Impact on treatment choices
Five studies showed how accessibility influenced treatment choices (Kleinman, 2020; Wei and Chan, 2021; Alibrahim et al., 2022; Schwarz et al., 2022; Charlesworth et al., 2024). One study compared driving time from zip codes of patients to treatment facilities to show that higher accessibility was observed for counseling services than methadone services (Alibrahim et al., 2022). Wei and Chan (2021) compared the distance between the patients’ residence and treatment centers to discover that patients living closer to the treatment center were more likely to choose methadone as treatment, while patients living farther away were more likely to choose sublingual buprenorphine tablets (Wei and Chan, 2021). Another study investigated the extent to which the location of the service user’s home within the catchment area, as well as the distance between the home and the clinic, influences the utilization of inpatient treatment compared to inpatient equivalent home treatment (IEHT) (Schwarz et al., 2022). Kleinman (2020) used population-weighted mean travel time from census tracts to nearest opioid treatment programs and pharmacies, comparing two models of methadone dispensing and demonstrating that pharmacies were more accessible for this purpose than opioid treatment programs (Kleinman, 2020). Charlesworth et al. (2024) examined access to MH prescribers and non-prescribers in rural areas and found that mental healthcare delivery in rural settings often relied on non-prescribers, owing to limited access to Medicaid-participating prescribers (Charlesworth et al., 2024).
Discussion
To our knowledge, this is the first scoping review to comprehensively synthesize how GISs have been applied across three core dimensions of MH service delivery spanning diverse populations, settings and geographical regions. Our review builds upon previous literature by moving beyond a narrow focus on serious mental illness and accessibility to encompass a broader spectrum of MH conditions and service delivery dimensions. The findings not only demonstrate a growing literature in GIS applications of MH service delivery but also point to a highly uneven distribution of research (both thematically and geographically) with a concentration of studies in high-income countries and a predominant focus on spatial accessibility. This review has identified several underexplored areas in the application of GIS that have the potential to advance MH service planning and delivery globally, including its use in designing and monitoring clinical trials, supporting implementation research and informing advocacy strategies.

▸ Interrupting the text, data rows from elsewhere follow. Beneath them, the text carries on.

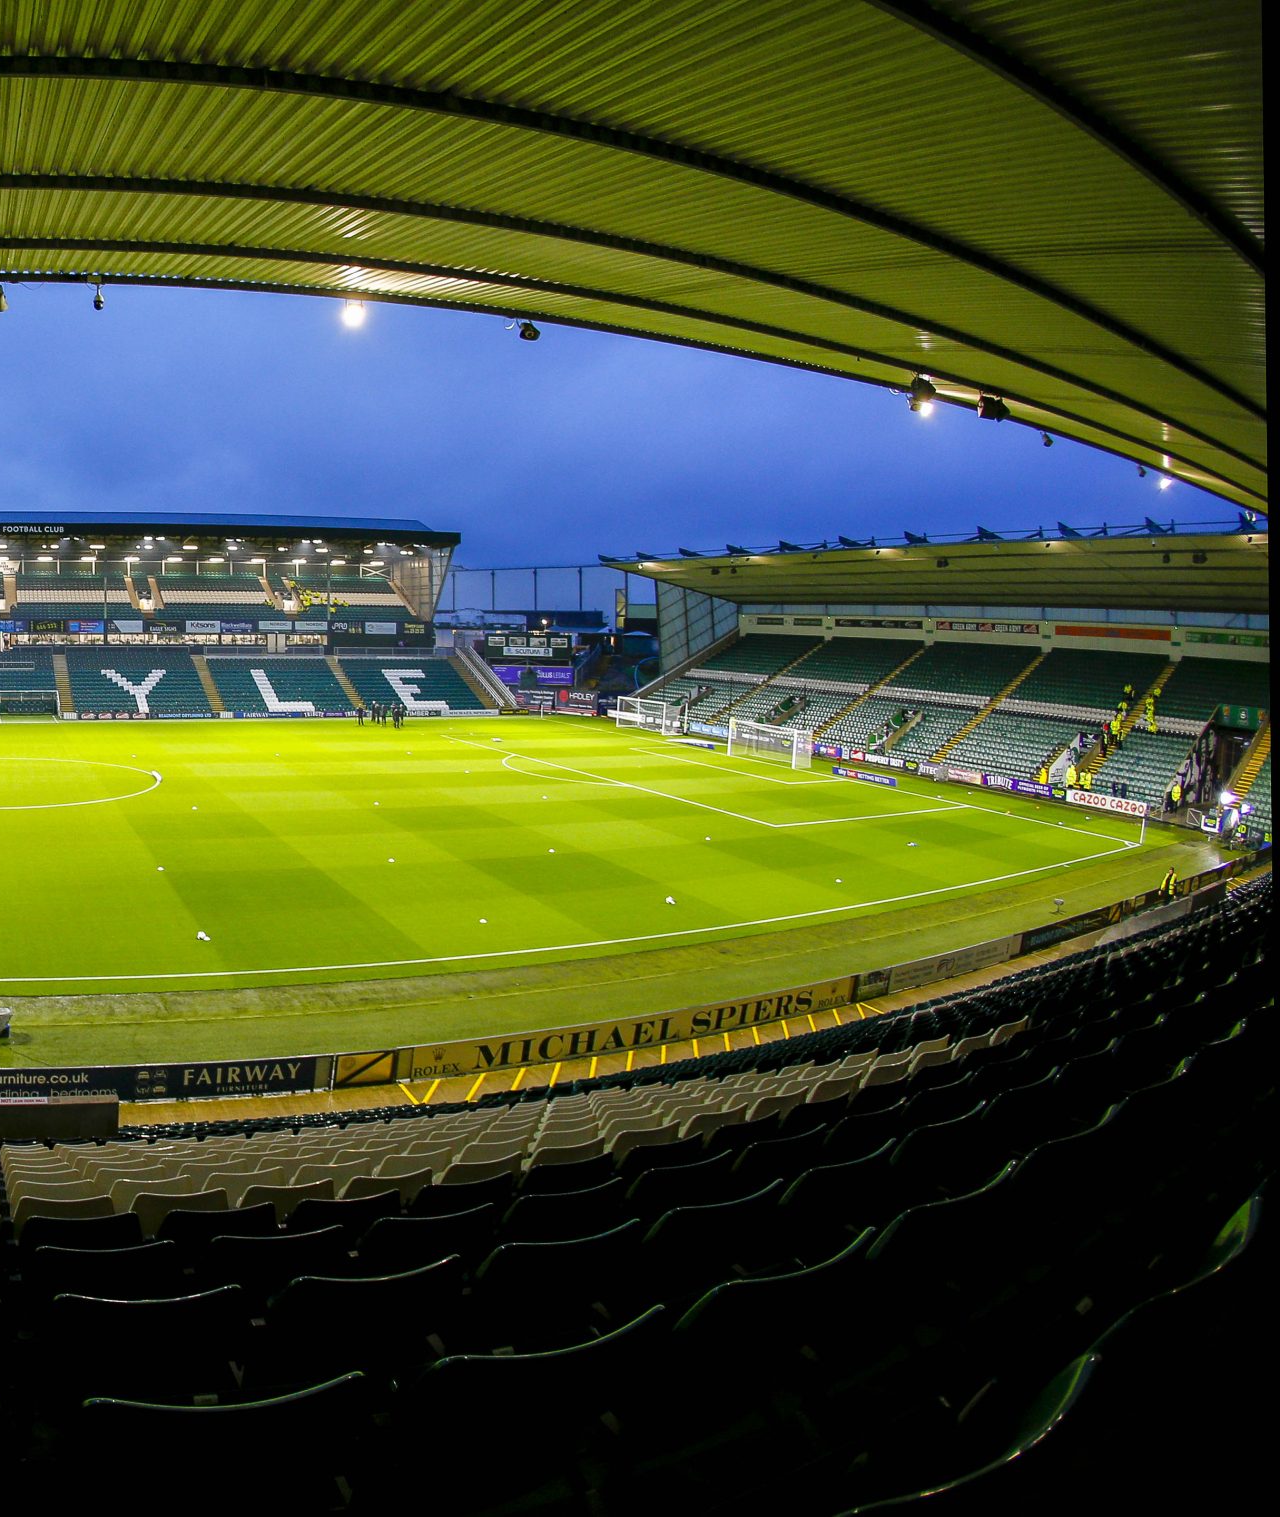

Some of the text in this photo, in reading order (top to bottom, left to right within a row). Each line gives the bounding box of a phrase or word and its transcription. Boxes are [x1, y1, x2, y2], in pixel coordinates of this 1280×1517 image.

[2, 526, 42, 534] FOOTBALL
[44, 526, 65, 534] CLUB
[190, 622, 216, 630] Kitsons
[570, 690, 595, 700] HADLEY
[864, 752, 904, 768] PROPERLY TASTY
[838, 768, 846, 776] sky
[848, 770, 856, 778] bet
[986, 775, 1013, 790] TRIBUTE
[1073, 792, 1144, 814] CAZOO CAZOO
[818, 994, 847, 1008] ROLEX
[475, 990, 814, 1070] MICHAEL SPIERS
[183, 1062, 301, 1086] FAIRWAY
[413, 1062, 461, 1078] ROLEX
[50, 1086, 118, 1097] bedrooms
[216, 1084, 269, 1093] FURNITURE

Current scope and patterns of use across studies
About one-third of eligible studies across all three themes had primary objectives related to resource management and planning, focusing on identifying high-risk zones or priority areas for opioid dependence, hotspots of overdose deaths or unmet treatment needs, mapping them against areas where treatment services or providers are located. Treatment or service coverage, another metric of importance to resource planning, was explored by conducting spatial analyses of services delivered in comparison with the target population. In addition to quantifying service gaps, studies focused on this theme also suggested potential interventions, such as expanding treatment infrastructure or modifying service delivery models to enhance access.

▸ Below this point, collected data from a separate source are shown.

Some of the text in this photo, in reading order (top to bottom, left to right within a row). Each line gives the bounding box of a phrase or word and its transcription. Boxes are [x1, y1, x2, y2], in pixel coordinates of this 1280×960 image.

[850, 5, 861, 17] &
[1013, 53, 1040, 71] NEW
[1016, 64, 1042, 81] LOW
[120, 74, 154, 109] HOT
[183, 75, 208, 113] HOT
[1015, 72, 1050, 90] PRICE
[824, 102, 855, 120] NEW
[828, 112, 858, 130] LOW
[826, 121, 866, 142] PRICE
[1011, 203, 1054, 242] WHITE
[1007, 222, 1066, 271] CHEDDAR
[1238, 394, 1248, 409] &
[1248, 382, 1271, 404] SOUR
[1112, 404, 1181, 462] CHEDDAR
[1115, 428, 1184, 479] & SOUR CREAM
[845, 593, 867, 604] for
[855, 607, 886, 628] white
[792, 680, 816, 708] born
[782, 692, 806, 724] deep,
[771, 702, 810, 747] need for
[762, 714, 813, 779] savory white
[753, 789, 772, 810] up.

Another emerging focus that is consequential for resource allocation was studying equity of services (n = 25), which was explored by looking at disparities in service delivery for marginalized populations and rural/urban areas. Furthermore, these studies explored structural inequities by assessing associations between spatial healthcare access and socioeconomic indicators, race/ethnicity and insurance status, highlighting systemic barriers and advocating for equity-driven policy reforms.
Some studies used GIS for program evaluation or policy impact assessment, like comparing two different models of methadone maintenance programs (Iloglu et al., 2021) and the restrictive payment model of Medicaid (Charlesworth et al., 2024), often suggesting equity-informed interventions and changes in policy (Kleinman, 2020; Cantor et al., 2022).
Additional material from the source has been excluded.